**EXERCISE PROMPT**
Reproduce all of the data below without alteration; exclude every picture.

Annotated photo localization data
************
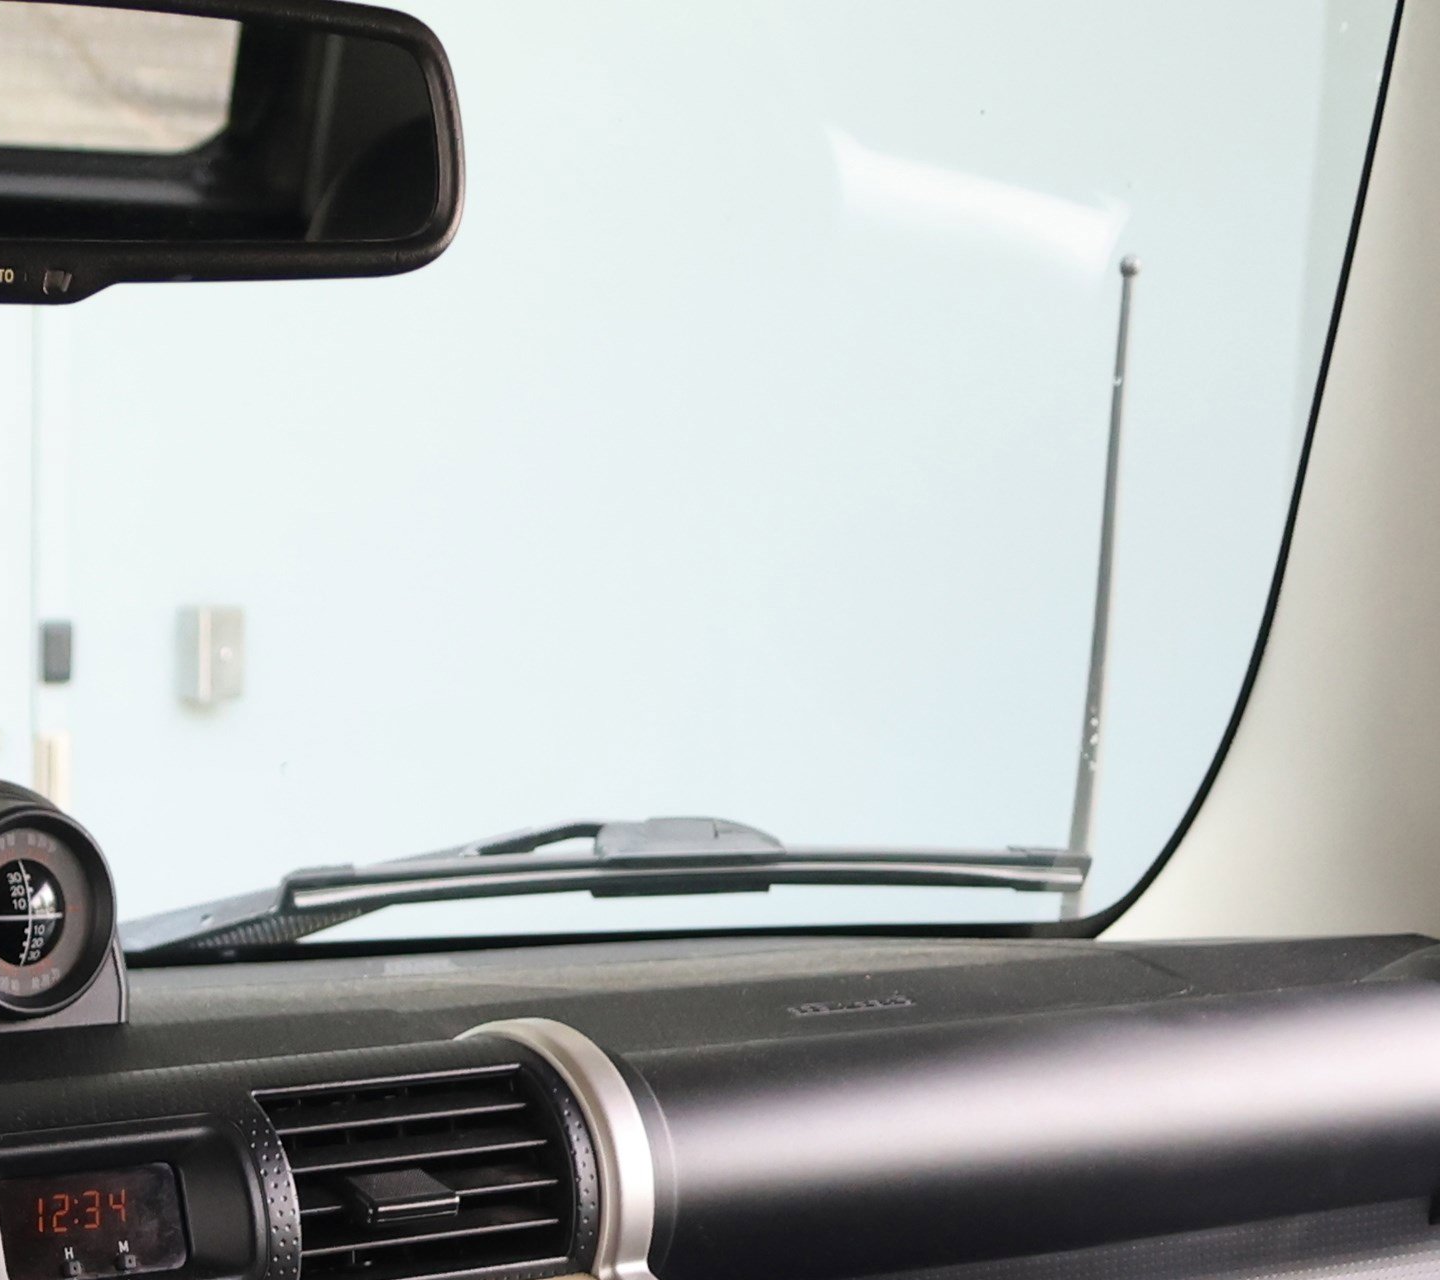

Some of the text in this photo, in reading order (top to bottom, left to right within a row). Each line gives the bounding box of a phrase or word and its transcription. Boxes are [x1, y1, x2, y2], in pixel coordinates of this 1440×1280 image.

[7, 872, 22, 884] 30
[10, 885, 26, 897] 20
[12, 899, 27, 910] 10
[33, 924, 46, 935] 10
[31, 937, 45, 948] 20
[37, 1189, 126, 1233] 12:34
[119, 1240, 129, 1253] M
[64, 1246, 74, 1260] H
************
**RESULT**
Some of the text in this photo, in reading order (top to bottom, left to right within a row). Each line gives the bounding box of a phrase or word and its transcription. Boxes are [x1, y1, x2, y2], in pixel coordinates of this 1440×1280 image.

[7, 872, 22, 884] 30
[10, 885, 26, 897] 20
[12, 899, 27, 910] 10
[33, 924, 46, 935] 10
[31, 937, 45, 948] 20
[37, 1189, 126, 1233] 12:34
[119, 1240, 129, 1253] M
[64, 1246, 74, 1260] H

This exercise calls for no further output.